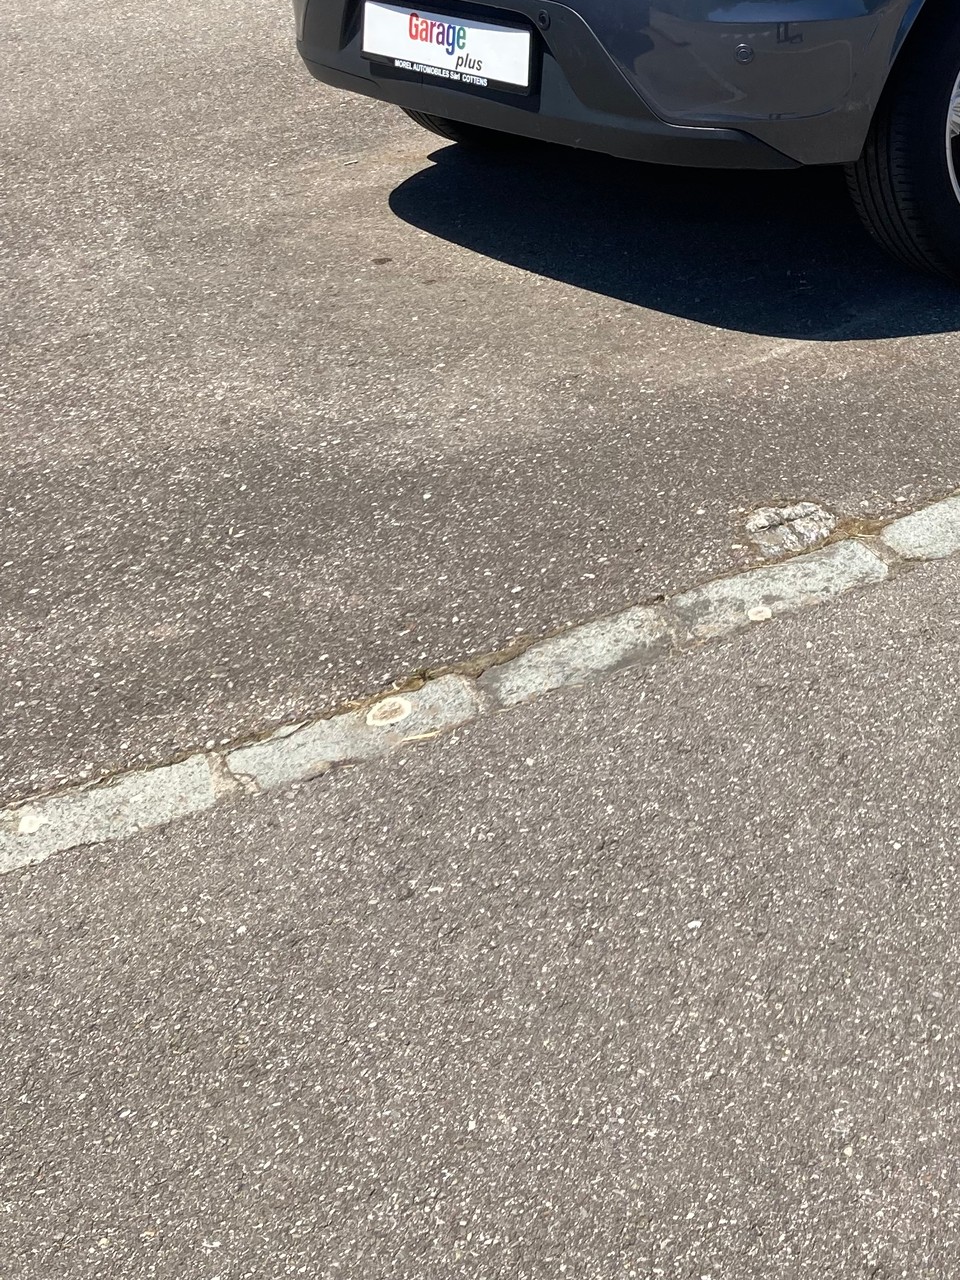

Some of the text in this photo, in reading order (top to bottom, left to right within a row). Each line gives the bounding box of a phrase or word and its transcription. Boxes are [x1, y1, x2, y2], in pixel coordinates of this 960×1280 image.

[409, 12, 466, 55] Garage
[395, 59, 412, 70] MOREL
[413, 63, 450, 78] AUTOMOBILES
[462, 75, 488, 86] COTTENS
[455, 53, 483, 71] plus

◆ DIRECTIONS FOR THIS TASK:
Output, word for word, the full listing above, with no pictures.

◆ FINISHED EXERCISE:
Some of the text in this photo, in reading order (top to bottom, left to right within a row). Each line gives the bounding box of a phrase or word and its transcription. Boxes are [x1, y1, x2, y2], in pixel coordinates of this 960×1280 image.

[409, 12, 466, 55] Garage
[395, 59, 412, 70] MOREL
[413, 63, 450, 78] AUTOMOBILES
[462, 75, 488, 86] COTTENS
[455, 53, 483, 71] plus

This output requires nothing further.